Reproduce the data below word for word.

## Data to examine
__________

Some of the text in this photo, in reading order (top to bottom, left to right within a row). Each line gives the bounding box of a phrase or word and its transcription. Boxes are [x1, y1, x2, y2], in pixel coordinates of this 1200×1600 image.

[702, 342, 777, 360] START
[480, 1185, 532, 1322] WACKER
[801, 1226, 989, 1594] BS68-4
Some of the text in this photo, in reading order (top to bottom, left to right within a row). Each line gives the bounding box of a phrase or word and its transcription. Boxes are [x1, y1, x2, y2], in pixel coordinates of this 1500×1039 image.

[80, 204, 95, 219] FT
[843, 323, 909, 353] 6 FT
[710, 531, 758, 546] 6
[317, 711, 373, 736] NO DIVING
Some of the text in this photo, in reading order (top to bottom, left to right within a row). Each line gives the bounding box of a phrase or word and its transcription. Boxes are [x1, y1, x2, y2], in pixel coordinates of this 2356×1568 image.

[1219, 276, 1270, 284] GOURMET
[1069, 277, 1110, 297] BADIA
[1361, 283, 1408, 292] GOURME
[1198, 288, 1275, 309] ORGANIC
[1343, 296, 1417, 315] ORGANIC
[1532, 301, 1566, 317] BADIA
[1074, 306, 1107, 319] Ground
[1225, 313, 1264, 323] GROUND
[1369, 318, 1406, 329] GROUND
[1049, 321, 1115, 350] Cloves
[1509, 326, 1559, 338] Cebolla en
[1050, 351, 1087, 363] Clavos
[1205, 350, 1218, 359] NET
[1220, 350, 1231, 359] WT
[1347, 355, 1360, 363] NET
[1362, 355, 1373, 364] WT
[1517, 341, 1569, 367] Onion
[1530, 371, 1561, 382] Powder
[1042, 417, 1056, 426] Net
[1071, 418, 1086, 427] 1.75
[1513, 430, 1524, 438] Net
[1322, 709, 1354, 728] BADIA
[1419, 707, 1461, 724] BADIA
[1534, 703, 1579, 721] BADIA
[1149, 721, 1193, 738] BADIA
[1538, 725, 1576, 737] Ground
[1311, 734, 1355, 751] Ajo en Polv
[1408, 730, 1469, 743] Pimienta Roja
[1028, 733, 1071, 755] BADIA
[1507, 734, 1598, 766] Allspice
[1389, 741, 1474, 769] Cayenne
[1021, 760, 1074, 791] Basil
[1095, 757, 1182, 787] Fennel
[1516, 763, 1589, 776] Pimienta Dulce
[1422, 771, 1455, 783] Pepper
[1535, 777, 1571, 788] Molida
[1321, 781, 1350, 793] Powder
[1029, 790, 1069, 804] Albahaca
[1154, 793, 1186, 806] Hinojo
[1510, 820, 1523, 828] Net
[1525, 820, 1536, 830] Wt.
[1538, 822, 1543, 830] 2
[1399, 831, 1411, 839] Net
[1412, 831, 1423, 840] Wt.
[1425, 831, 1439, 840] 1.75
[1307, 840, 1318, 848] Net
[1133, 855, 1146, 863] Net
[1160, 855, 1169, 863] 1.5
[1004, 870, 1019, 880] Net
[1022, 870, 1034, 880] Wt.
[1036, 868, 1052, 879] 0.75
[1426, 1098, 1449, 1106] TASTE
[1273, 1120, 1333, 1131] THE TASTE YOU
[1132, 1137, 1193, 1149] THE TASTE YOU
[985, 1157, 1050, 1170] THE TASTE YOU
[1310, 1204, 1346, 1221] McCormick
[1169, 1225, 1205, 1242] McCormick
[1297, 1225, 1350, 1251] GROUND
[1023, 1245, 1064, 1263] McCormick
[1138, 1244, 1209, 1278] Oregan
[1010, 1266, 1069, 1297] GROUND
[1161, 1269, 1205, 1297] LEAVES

__________

## Task answer
Some of the text in this photo, in reading order (top to bottom, left to right within a row). Each line gives the bounding box of a phrase or word and its transcription. Boxes are [x1, y1, x2, y2], in pixel coordinates of this 1200×1600 image.

[702, 342, 777, 360] START
[480, 1185, 532, 1322] WACKER
[801, 1226, 989, 1594] BS68-4
Some of the text in this photo, in reading order (top to bottom, left to right within a row). Each line gives the bounding box of a phrase or word and its transcription. Boxes are [x1, y1, x2, y2], in pixel coordinates of this 1500×1039 image.

[80, 204, 95, 219] FT
[843, 323, 909, 353] 6 FT
[710, 531, 758, 546] 6
[317, 711, 373, 736] NO DIVING
Some of the text in this photo, in reading order (top to bottom, left to right within a row). Each line gives the bounding box of a phrase or word and its transcription. Boxes are [x1, y1, x2, y2], in pixel coordinates of this 2356×1568 image.

[1219, 276, 1270, 284] GOURMET
[1069, 277, 1110, 297] BADIA
[1361, 283, 1408, 292] GOURME
[1198, 288, 1275, 309] ORGANIC
[1343, 296, 1417, 315] ORGANIC
[1532, 301, 1566, 317] BADIA
[1074, 306, 1107, 319] Ground
[1225, 313, 1264, 323] GROUND
[1369, 318, 1406, 329] GROUND
[1049, 321, 1115, 350] Cloves
[1509, 326, 1559, 338] Cebolla en
[1050, 351, 1087, 363] Clavos
[1205, 350, 1218, 359] NET
[1220, 350, 1231, 359] WT
[1347, 355, 1360, 363] NET
[1362, 355, 1373, 364] WT
[1517, 341, 1569, 367] Onion
[1530, 371, 1561, 382] Powder
[1042, 417, 1056, 426] Net
[1071, 418, 1086, 427] 1.75
[1513, 430, 1524, 438] Net
[1322, 709, 1354, 728] BADIA
[1419, 707, 1461, 724] BADIA
[1534, 703, 1579, 721] BADIA
[1149, 721, 1193, 738] BADIA
[1538, 725, 1576, 737] Ground
[1311, 734, 1355, 751] Ajo en Polv
[1408, 730, 1469, 743] Pimienta Roja
[1028, 733, 1071, 755] BADIA
[1507, 734, 1598, 766] Allspice
[1389, 741, 1474, 769] Cayenne
[1021, 760, 1074, 791] Basil
[1095, 757, 1182, 787] Fennel
[1516, 763, 1589, 776] Pimienta Dulce
[1422, 771, 1455, 783] Pepper
[1535, 777, 1571, 788] Molida
[1321, 781, 1350, 793] Powder
[1029, 790, 1069, 804] Albahaca
[1154, 793, 1186, 806] Hinojo
[1510, 820, 1523, 828] Net
[1525, 820, 1536, 830] Wt.
[1538, 822, 1543, 830] 2
[1399, 831, 1411, 839] Net
[1412, 831, 1423, 840] Wt.
[1425, 831, 1439, 840] 1.75
[1307, 840, 1318, 848] Net
[1133, 855, 1146, 863] Net
[1160, 855, 1169, 863] 1.5
[1004, 870, 1019, 880] Net
[1022, 870, 1034, 880] Wt.
[1036, 868, 1052, 879] 0.75
[1426, 1098, 1449, 1106] TASTE
[1273, 1120, 1333, 1131] THE TASTE YOU
[1132, 1137, 1193, 1149] THE TASTE YOU
[985, 1157, 1050, 1170] THE TASTE YOU
[1310, 1204, 1346, 1221] McCormick
[1169, 1225, 1205, 1242] McCormick
[1297, 1225, 1350, 1251] GROUND
[1023, 1245, 1064, 1263] McCormick
[1138, 1244, 1209, 1278] Oregan
[1010, 1266, 1069, 1297] GROUND
[1161, 1269, 1205, 1297] LEAVES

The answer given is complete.